In einer Teileigentumseinheit, die in der Teilungserklärung als Laden mit Lager bezeichnet ist, darf ein Eltern-Kind-Zentrum betrieben werden. Eine Unterlassung der Nutzung kann nicht verlangt werden, da Geräuscheinwirkungen, welche von Kindertageseinrichtungen ausgehen, keine schädliche Umwelteinwirkung darstellen.
Der Fall
Die Mitglieder einer Wohnungs- und Teileigentümergemeinschaft in einer Großstadt verlangen im Klagewege von einem eingetragenen Verein, der eine im Erdgeschoss belegene Teileigentumseinheit angemietet hat, welche laut Teilungserklärung aus dem Jahr 1987 als Laden mit Lager genutzt werden darf, die Unterlassung der Nutzung der Räumlichkeiten als Eltern-Kind-Zentrum. Das Zentrum ist montags bis freitags von 9 -18 Uhr geöffnet, welches vormittags als Mini-Kindergarten für Kleinkinder und nachmittags als offenes Spielzimmer für Kinder und Familienangehörige mit Kaffee und Kuchen sowie für diverse Kinderkurse und Spielgruppen in verschiedenen Sprachen genutzt wird. Auch samstags finden in dem Zentrum u.a. Sprachkurse für Kinder sowie Kinderfeiern und Flohmärkte statt. Hilfsweise verlangen die Mitglieder der Eigentümergemeinschaft von den Betreibern des Zentrums die Unterlassung des Abstellens von Fahrrädern und Kinderwagen auf einer näher bezeichneten Außenfläche vor der Teileigentumseinheit. Außerdem soll durch den Zentrumsbetreiber durch geeignete Maßnahmen sichergestellt werden, dass die Immissionen in der darüber liegenden Wohnung einen Pegel von 52 dB nicht überschreiten. Der Klage wurde von den Vorinstanzen stattgegeben.
Die Entscheidung
Der BGH ist der Rechtsauffassung der Vorinstanzen nicht gefolgt und hat die Klage abgewiesen. Zur Begründung führt der Bundesgerichtshof aus, dass ein Wohnungseigentümer von einem Mieter einer anderen Einheit nur dann gemäß § 1004 Abs. 1 BGB Unterlassung verlangen kann, wenn dieser die Einheit anders nutzt als in der Teilungserklärung vorgesehen. Das Eltern-Kind-Zentrum wird in einer gemischten Anlage genutzt, in der sowohl eine Wohnnutzung als auch eine gewerbliche Nutzung durch Büros und Läden stattfindet. Zwar sind die von einem solchen Zentrum ausgehenden Geräusche aufgrund der dort für gewöhnlich stattfindenden Aktivitäten lauter und störender als die eines Ladens mit Lager.

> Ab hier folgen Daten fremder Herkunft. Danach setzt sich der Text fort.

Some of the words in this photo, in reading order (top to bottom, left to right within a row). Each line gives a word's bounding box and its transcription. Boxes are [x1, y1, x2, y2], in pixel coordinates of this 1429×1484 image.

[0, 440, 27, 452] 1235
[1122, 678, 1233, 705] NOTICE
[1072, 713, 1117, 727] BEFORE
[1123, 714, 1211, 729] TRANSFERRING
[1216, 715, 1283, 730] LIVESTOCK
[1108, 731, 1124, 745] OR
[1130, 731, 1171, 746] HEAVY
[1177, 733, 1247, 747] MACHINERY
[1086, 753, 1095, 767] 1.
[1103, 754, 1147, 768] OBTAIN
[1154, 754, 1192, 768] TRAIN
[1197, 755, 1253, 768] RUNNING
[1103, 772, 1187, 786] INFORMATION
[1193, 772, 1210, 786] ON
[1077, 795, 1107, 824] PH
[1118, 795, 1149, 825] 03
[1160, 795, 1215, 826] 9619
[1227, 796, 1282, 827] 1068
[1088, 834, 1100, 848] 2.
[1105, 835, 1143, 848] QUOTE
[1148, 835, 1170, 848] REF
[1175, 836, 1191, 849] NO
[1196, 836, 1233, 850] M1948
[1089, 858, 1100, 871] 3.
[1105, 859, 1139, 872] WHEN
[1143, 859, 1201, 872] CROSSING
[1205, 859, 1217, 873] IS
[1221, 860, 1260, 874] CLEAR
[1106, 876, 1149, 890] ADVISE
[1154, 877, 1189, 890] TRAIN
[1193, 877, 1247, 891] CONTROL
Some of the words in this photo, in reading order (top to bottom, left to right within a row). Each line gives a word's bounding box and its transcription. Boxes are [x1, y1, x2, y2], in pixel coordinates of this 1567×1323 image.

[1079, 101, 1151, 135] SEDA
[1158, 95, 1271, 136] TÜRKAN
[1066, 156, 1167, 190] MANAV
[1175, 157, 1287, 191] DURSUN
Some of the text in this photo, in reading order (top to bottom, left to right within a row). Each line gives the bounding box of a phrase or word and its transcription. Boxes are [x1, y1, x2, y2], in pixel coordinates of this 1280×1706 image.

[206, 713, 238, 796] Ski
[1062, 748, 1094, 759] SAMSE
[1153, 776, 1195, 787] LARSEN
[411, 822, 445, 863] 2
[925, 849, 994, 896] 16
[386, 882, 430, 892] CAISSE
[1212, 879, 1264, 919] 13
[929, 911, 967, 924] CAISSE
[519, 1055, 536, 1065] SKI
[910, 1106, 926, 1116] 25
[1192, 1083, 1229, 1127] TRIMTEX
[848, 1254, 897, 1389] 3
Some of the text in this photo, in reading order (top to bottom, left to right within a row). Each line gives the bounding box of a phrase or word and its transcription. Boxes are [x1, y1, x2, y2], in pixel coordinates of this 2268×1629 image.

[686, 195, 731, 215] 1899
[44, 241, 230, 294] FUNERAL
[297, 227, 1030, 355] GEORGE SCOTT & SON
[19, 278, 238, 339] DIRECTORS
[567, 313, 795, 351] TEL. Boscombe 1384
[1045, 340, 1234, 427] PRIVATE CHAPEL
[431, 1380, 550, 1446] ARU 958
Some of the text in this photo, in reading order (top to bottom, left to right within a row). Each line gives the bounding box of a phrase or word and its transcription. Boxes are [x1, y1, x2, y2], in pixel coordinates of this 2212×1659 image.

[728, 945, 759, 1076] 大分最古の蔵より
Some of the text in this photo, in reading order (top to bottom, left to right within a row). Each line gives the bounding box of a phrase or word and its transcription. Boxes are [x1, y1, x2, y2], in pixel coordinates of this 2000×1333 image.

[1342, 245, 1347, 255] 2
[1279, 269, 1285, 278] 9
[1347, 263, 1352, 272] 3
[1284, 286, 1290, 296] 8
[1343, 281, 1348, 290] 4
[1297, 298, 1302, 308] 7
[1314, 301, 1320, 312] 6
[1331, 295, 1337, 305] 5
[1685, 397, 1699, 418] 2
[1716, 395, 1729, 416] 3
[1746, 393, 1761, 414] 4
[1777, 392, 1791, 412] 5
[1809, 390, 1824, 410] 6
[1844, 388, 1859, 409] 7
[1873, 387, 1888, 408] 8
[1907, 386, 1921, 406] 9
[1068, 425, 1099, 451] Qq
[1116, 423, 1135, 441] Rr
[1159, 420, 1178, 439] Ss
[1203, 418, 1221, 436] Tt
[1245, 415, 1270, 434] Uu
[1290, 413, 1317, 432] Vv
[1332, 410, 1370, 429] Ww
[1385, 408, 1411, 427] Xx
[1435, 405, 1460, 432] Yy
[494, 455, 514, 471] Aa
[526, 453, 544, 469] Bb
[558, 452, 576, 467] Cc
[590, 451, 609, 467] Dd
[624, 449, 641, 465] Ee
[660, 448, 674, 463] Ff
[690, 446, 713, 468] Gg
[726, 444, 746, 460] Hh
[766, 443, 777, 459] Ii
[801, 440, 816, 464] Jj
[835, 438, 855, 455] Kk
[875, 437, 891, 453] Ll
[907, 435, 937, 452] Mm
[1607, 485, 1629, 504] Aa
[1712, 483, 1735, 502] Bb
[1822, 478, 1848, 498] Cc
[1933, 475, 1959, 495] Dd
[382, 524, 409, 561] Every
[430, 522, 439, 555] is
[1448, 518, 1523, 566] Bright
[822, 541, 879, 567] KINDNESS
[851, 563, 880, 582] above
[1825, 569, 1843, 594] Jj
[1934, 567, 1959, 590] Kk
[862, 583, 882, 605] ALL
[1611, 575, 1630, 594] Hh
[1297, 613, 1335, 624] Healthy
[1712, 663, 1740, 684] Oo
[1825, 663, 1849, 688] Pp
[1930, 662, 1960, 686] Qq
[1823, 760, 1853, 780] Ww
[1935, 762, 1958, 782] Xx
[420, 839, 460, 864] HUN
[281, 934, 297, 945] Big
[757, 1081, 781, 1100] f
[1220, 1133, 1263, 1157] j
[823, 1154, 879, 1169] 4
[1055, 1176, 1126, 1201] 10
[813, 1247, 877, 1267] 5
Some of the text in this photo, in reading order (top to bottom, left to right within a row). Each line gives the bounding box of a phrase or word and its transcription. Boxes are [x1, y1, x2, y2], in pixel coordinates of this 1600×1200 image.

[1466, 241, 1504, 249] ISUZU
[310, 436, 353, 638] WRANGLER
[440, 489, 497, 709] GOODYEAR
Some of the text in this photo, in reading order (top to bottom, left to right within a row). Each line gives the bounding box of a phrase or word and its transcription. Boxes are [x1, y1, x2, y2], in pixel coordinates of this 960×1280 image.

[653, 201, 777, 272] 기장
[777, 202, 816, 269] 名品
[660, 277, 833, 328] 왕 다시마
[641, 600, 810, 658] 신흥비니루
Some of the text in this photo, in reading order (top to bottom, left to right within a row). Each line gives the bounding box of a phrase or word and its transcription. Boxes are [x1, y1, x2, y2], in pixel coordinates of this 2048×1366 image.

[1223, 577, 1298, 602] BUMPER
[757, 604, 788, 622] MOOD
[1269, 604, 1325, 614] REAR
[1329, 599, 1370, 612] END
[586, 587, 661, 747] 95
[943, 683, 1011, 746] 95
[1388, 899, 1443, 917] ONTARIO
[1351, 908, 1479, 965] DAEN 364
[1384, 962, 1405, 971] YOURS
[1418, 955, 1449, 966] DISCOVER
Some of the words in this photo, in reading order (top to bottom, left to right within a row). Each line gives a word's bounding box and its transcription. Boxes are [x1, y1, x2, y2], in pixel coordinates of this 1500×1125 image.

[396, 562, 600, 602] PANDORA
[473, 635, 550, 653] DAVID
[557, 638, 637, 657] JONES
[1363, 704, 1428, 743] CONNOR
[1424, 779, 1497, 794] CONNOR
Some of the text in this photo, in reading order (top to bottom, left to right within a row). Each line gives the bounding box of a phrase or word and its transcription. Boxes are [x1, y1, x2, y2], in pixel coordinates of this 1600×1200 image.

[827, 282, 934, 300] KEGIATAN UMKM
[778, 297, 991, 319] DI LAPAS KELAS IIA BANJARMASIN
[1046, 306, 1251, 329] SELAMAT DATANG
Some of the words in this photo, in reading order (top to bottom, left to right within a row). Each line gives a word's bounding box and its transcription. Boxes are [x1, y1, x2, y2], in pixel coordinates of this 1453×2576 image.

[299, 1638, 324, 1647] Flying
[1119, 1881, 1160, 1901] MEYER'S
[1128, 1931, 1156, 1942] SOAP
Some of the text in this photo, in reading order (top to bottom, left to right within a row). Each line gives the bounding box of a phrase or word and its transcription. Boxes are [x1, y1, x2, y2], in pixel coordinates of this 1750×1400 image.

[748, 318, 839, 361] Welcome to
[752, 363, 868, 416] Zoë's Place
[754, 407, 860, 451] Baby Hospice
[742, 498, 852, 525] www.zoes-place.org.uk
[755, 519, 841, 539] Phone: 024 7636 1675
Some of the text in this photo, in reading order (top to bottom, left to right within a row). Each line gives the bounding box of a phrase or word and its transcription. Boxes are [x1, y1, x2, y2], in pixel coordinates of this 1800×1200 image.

Jedoch kommt es hier auf die Ausstrahlungswirkung des geltenden § 22 Abs. 1a Satz 1 BImSchG auf das Wohnungseigentumsrecht an. Danach sind Geräuscheinwirkungen, die u.a. in Kindertageseinrichtungen durch Kinder hervorgerufen werden, im Regelfall keine schädliche Umwelteinwirkung. Das betriebene Eltern-Kind-Zentrum ist eine solche Einrichtung, da sich die Angebote überwiegend an Kinder richten und den weiteren Angeboten auch an die Eltern eine untergeordnete Bedeutung zukommt. Vor dem Hintergrund, dass Kinderlärm unter einem besonderen Toleranzgebot steht und § 22 Abs.1a BImSchG eine Privilegierung ausdrücklich vorsieht, kann eine generelle Unterlassung der Nutzung als Eltern-Kind-Zentrum nicht verlangt werden. Unterlassungsansprüche wegen einzelner besonders störender Handlungsweisen sind jedoch nicht ausgeschlossen.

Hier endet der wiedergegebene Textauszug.